How to Find Pick-Your-Own Farms in Your Area



Summer is upon us. It happens every year. I’m not sure why I’m surprised.

One of the best parts of summer in my hungry humble opinion is the availability of fresh produce. Fresh blows the roots off anything you can find in the grocery store.

I’ve been shocked to learn that my suspicious nature has been proven correct at farmers’ markets–some venders are receiving supplies from the same places as the grocery stores. Say wha?! That’s what I read. While the farmers’ markets are still a great option, because you can find any number of legit, hard-working farmers peddling their wares, here’s another option for you:

Pick-your-own farms.

Pick your own farms are abundant throughout the country…except maybe the desert.

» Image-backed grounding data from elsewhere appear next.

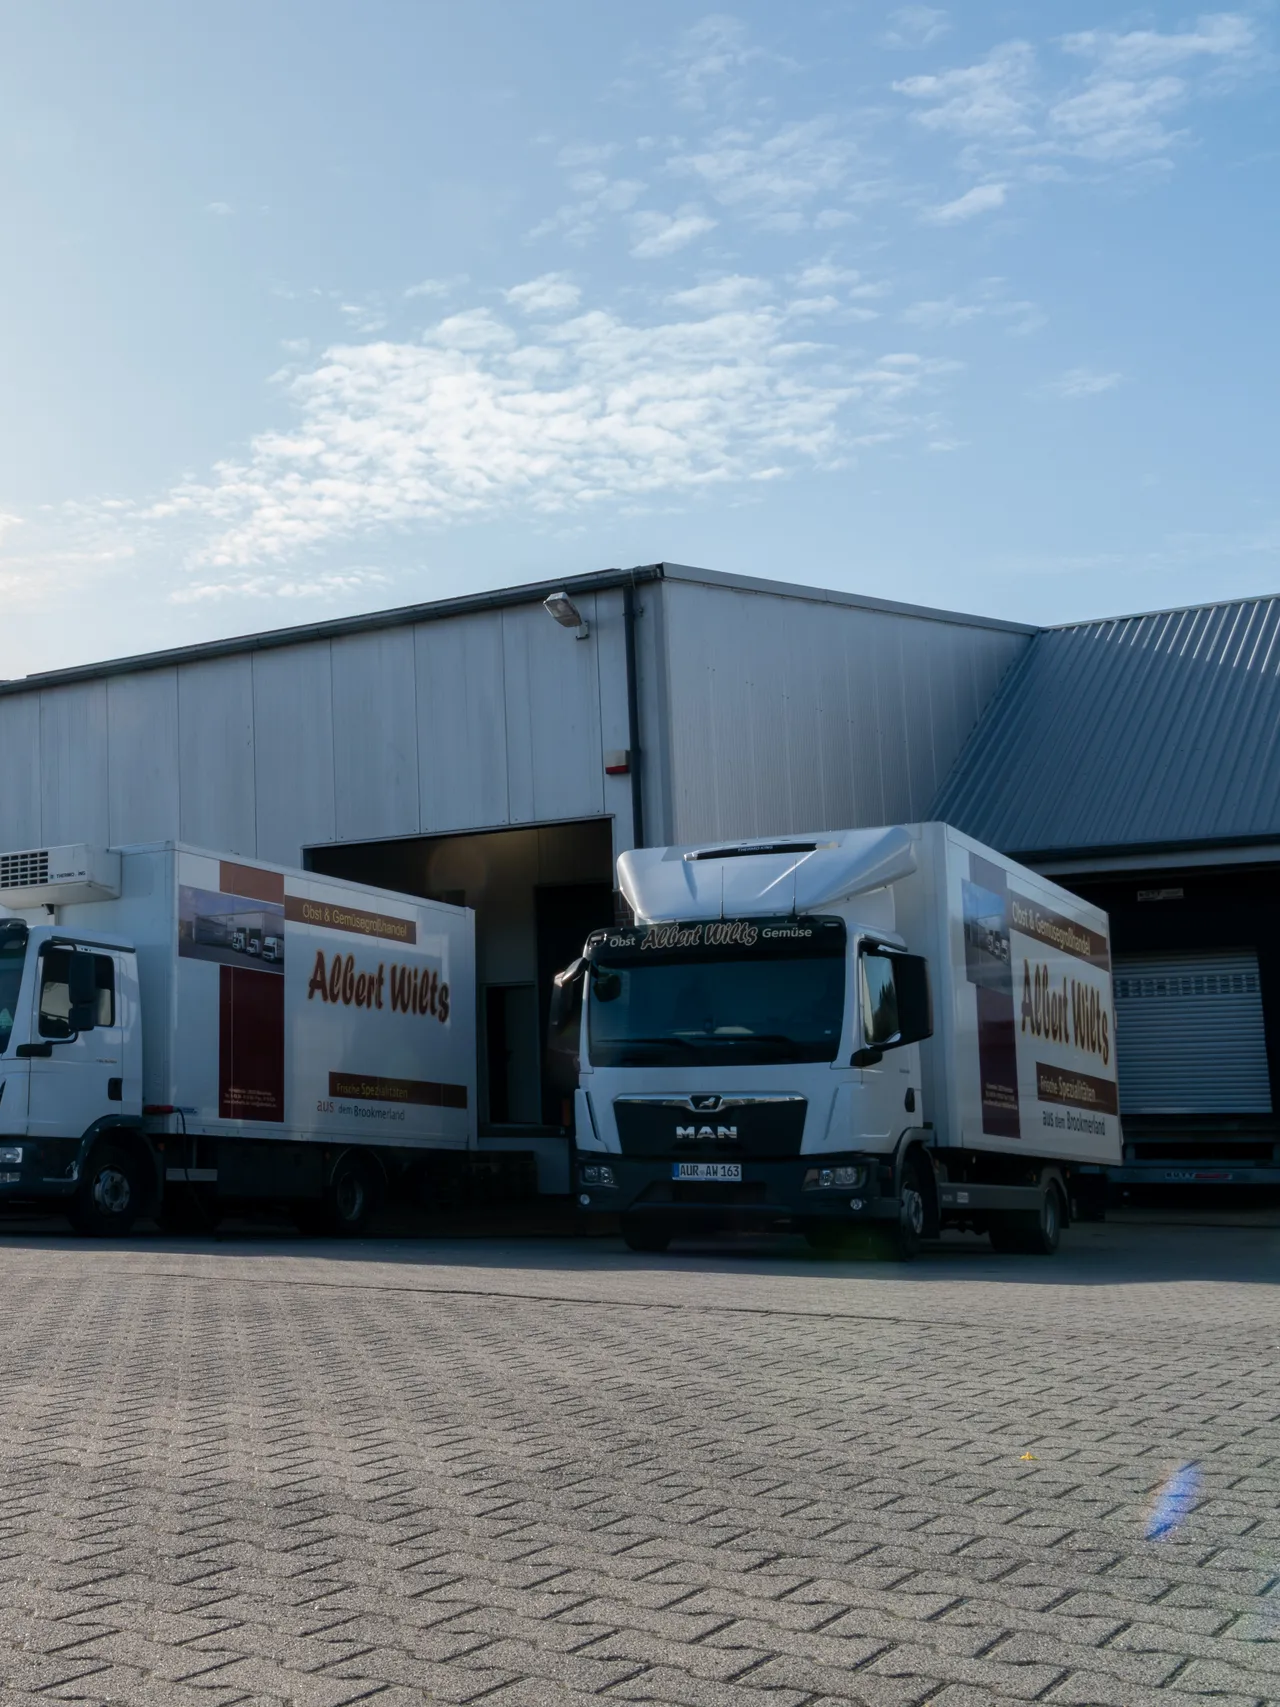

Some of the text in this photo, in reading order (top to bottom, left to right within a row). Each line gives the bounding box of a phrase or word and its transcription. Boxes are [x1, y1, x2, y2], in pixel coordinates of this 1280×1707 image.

[302, 903, 323, 921] Obst
[332, 909, 407, 936] Gemüsegroßhandel
[610, 921, 813, 950] Obst Albert Wilts Gemüse
[307, 948, 450, 1024] Albert Wilts
[1021, 957, 1109, 1066] Albert Wilts
[317, 1100, 335, 1113] aus
[354, 1105, 405, 1121] Brookmerland
[1042, 1110, 1054, 1127] aus
[676, 1126, 737, 1138] MAN
[680, 1165, 739, 1177] AUR AW 163
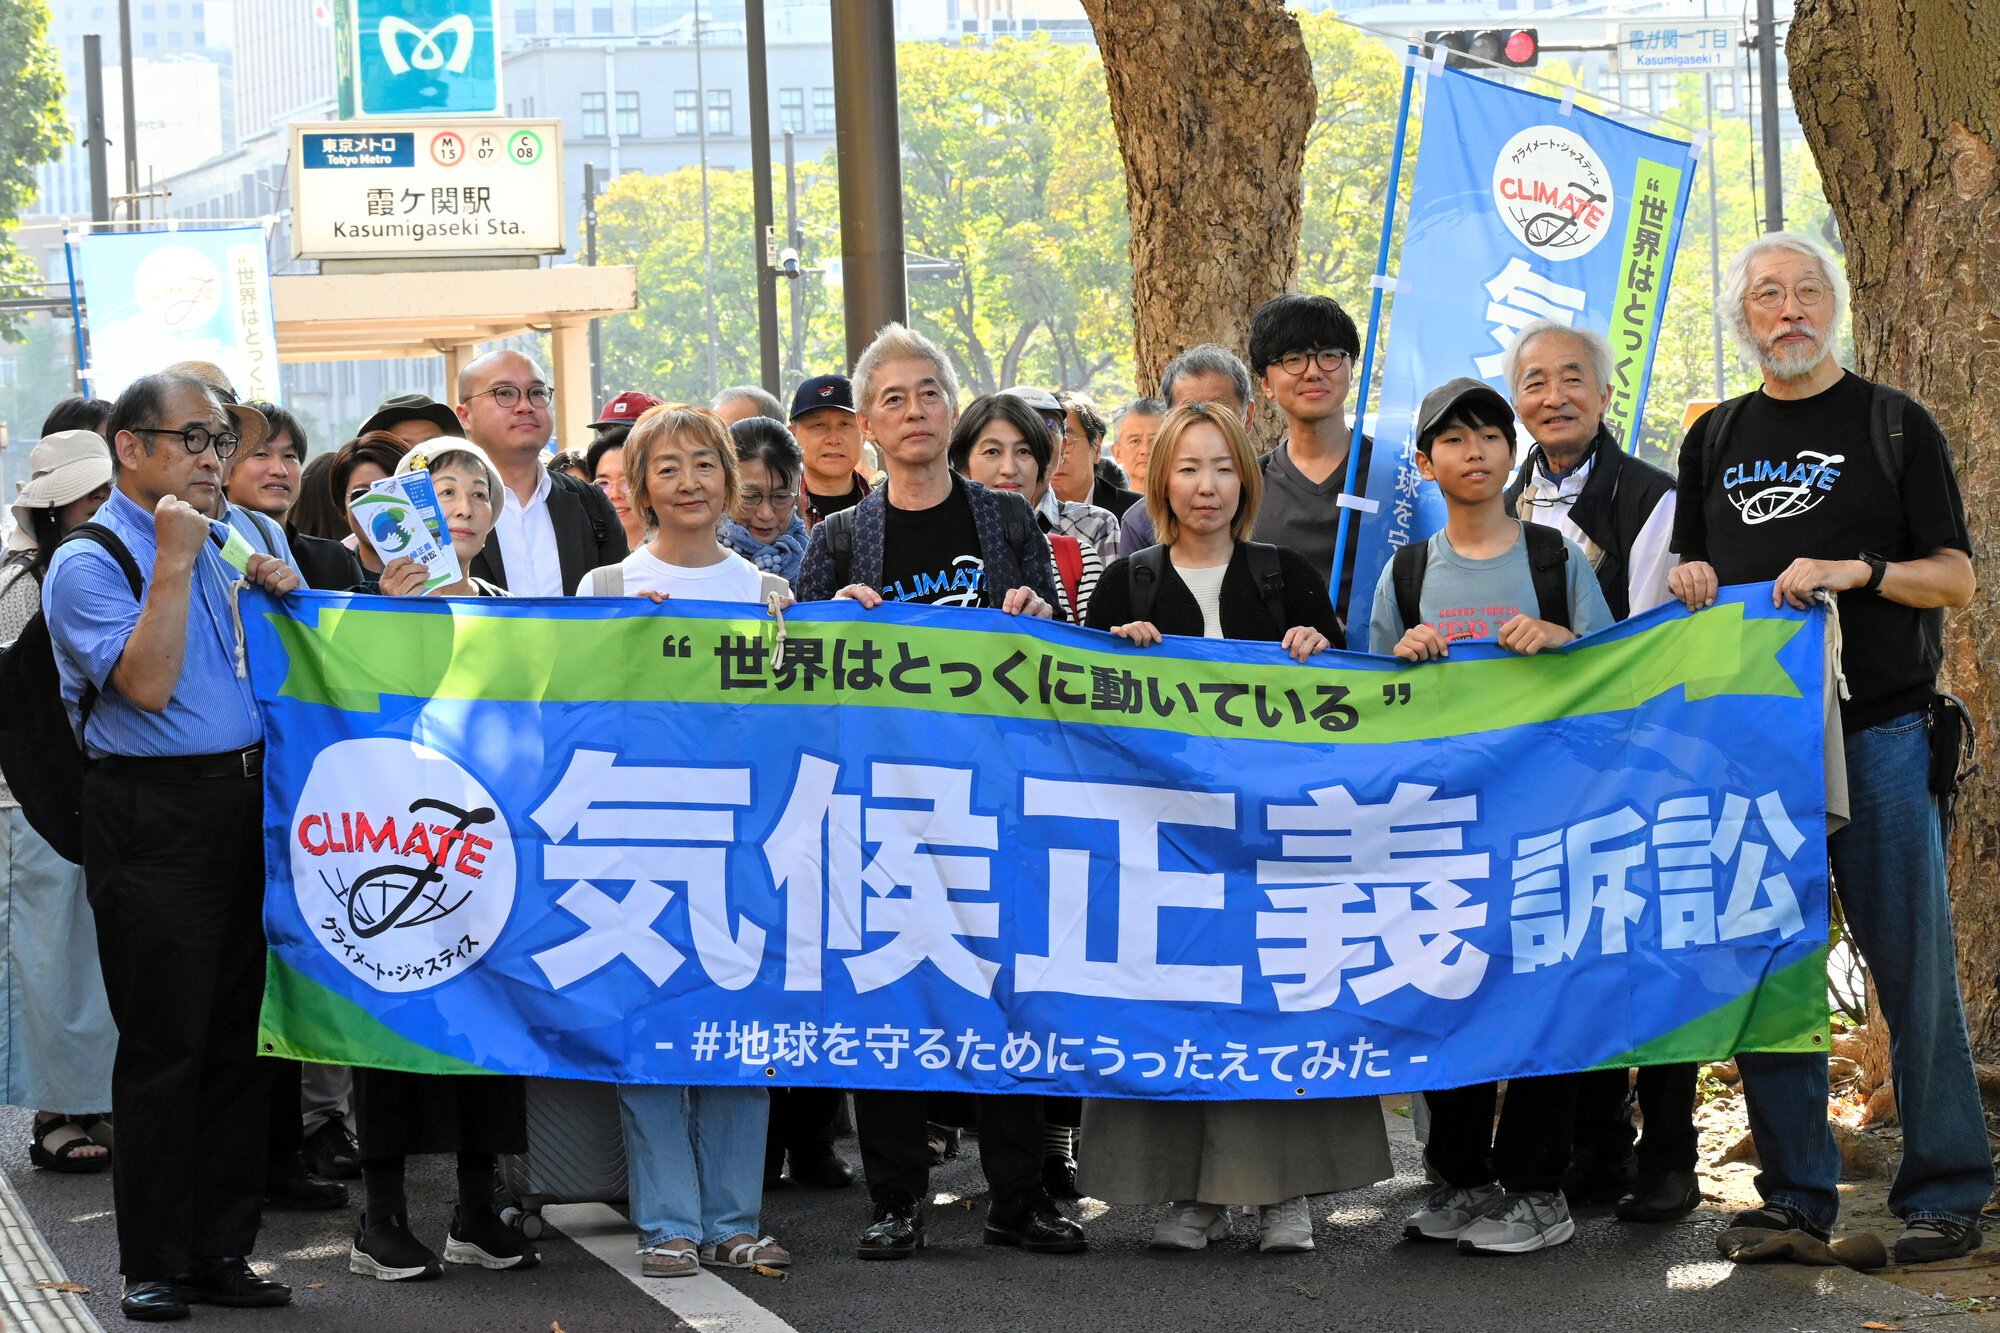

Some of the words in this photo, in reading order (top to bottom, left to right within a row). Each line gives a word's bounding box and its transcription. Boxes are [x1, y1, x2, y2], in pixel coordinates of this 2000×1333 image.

[1629, 28, 1728, 50] 霞が関一丁目
[1637, 54, 1712, 68] Kasumigaseki
[1716, 53, 1721, 63] 1
[321, 138, 396, 153] 東京メトロ
[441, 138, 453, 147] M
[481, 137, 491, 146] H
[521, 137, 529, 146] C
[327, 155, 358, 166] Tokyo
[360, 154, 392, 164] Metro
[440, 149, 456, 159] 15
[478, 148, 494, 159] 07
[517, 148, 533, 158] 08
[1500, 177, 1605, 230] CLIMATE
[334, 219, 479, 241] Kasumigaseki
[487, 218, 526, 235] Sta.
[1722, 459, 1841, 491] CLIMATE
[298, 811, 493, 879] CLIMATE
[321, 917, 479, 982] クライメート・ジャスティス
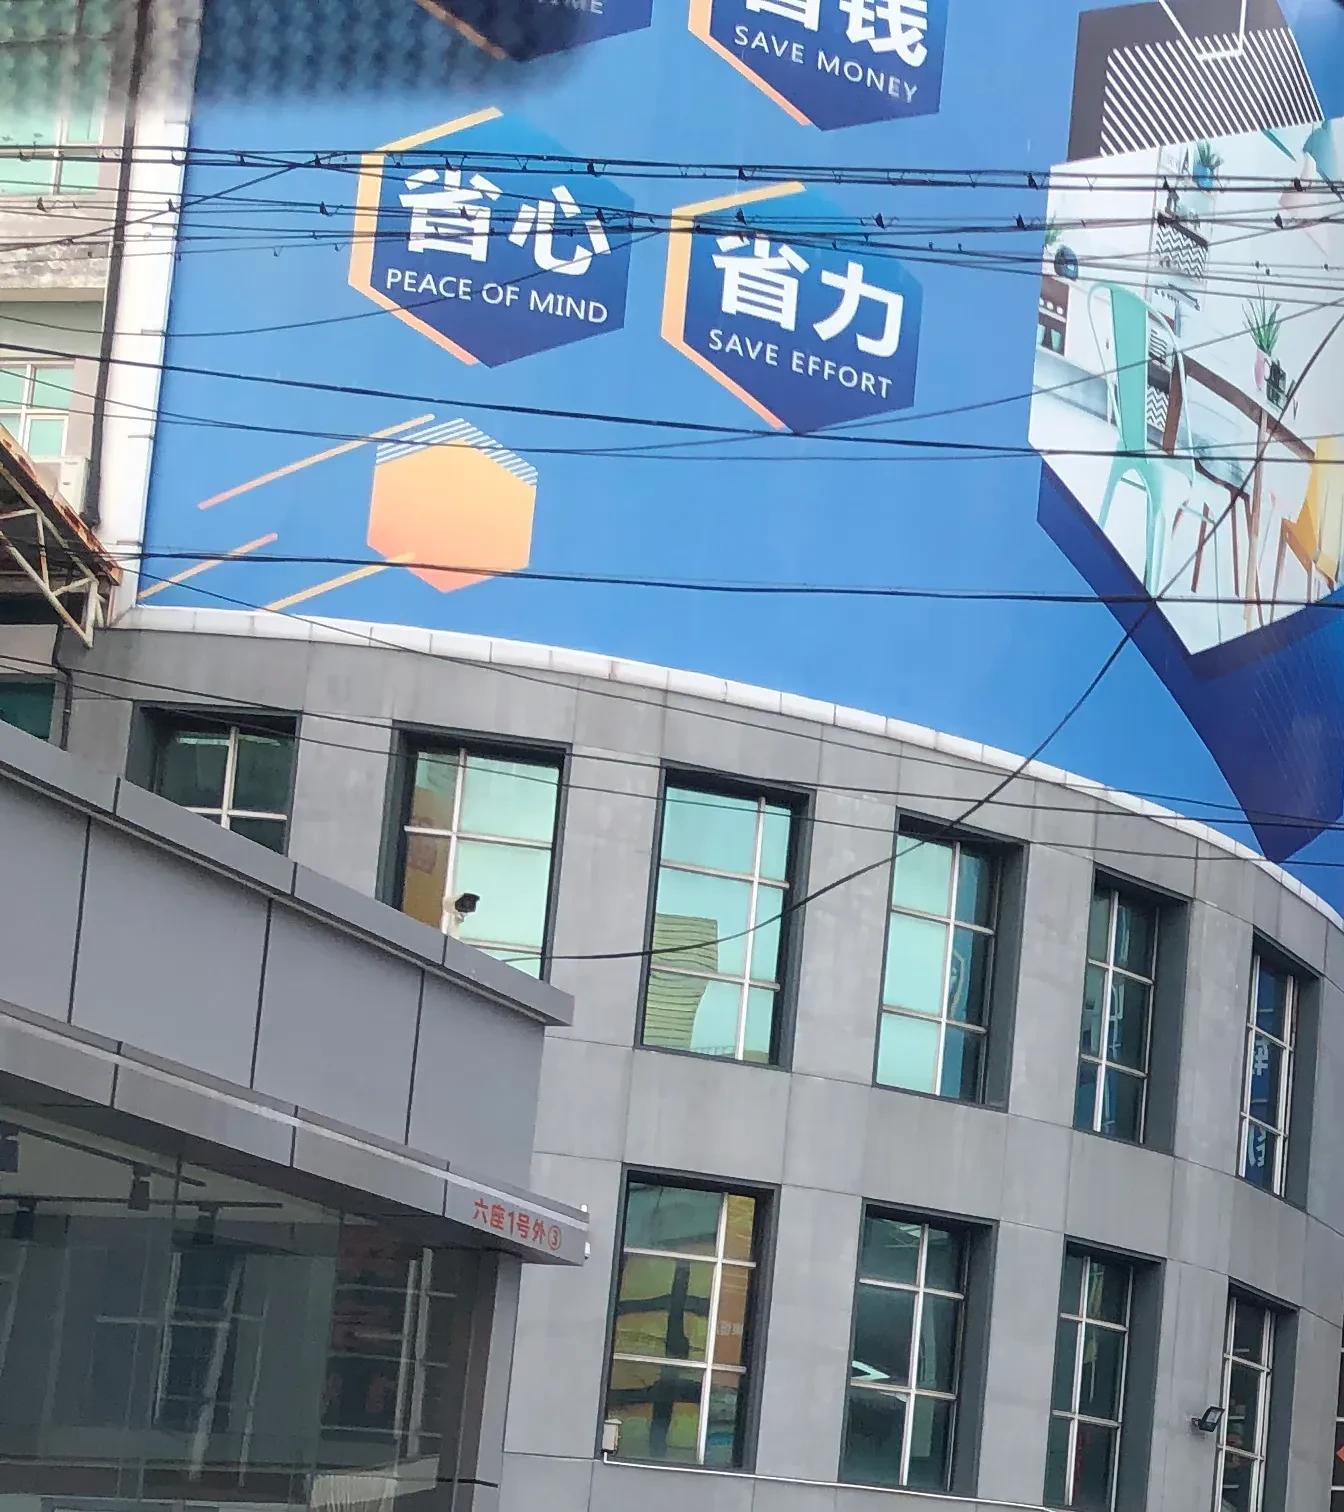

Here’s what I love about pick-your-owns:

  • You know exactly how fresh the food is.
  • You know exactly where the food came from, right down to the stem on the plant in the row in the field.
  • The prices are almost always significantly lower than anything you’ll find in the grocery stores, and almost always cheaper than the farmers’ markets as well.
  • It is educational. Your kids get out of the house, away from the city, and out onto the land to see where food really comes from.
  • It smells good–the dirt I mean, and the strawberries, and everything else. Maybe it’s because I grew up on a farm, but I love the smell of rich dirt.
  • Your kids can get dirty. Your kids should get dirty. Your kids need to get good and dirty as often as possible. It’s good for their immune systems. It’s good for their kid-ness. It’s just plain good for them to be outside getting sun and fresh air and, yes, dirt, without anyone telling them not to muddy their $65 shoes. Get the $12 Walmart shoes and the $2 thrift store jeans and let the kids get dirty for the love of all things real!
  • Your children are far more likely to try something new if they had a hand in it somehow. That hand can be as simple as selecting it at the grocery store, but the stakes are upped even more if they planted it or picked it themselves.
  • It counts as exercise! Woo hoo! Squats for strawberries, toe raises for cherries and apples.
  • The farmers are right there–you can ask them what goes on their plants and if they’re in bed with MonSatan MonSanto.
  • It’s wholesome family fun. Whee!

Those dirt comments totally made you want to find a pick-your-own farm near you, didn’t they? Good! Check out this website:

PickYourOwn.org

It has to be one of the worst looking sites I’ve run across in quite some time. It totally needs a rehab. I hate it. At the same time, I love it! It shares PYO (I got tired of writing pick-your-own) farms all over the country, and you can search by state and county. Each farm has a write-up and places to go for additional information. It rocks in its out-dated ugliness. Go check it out.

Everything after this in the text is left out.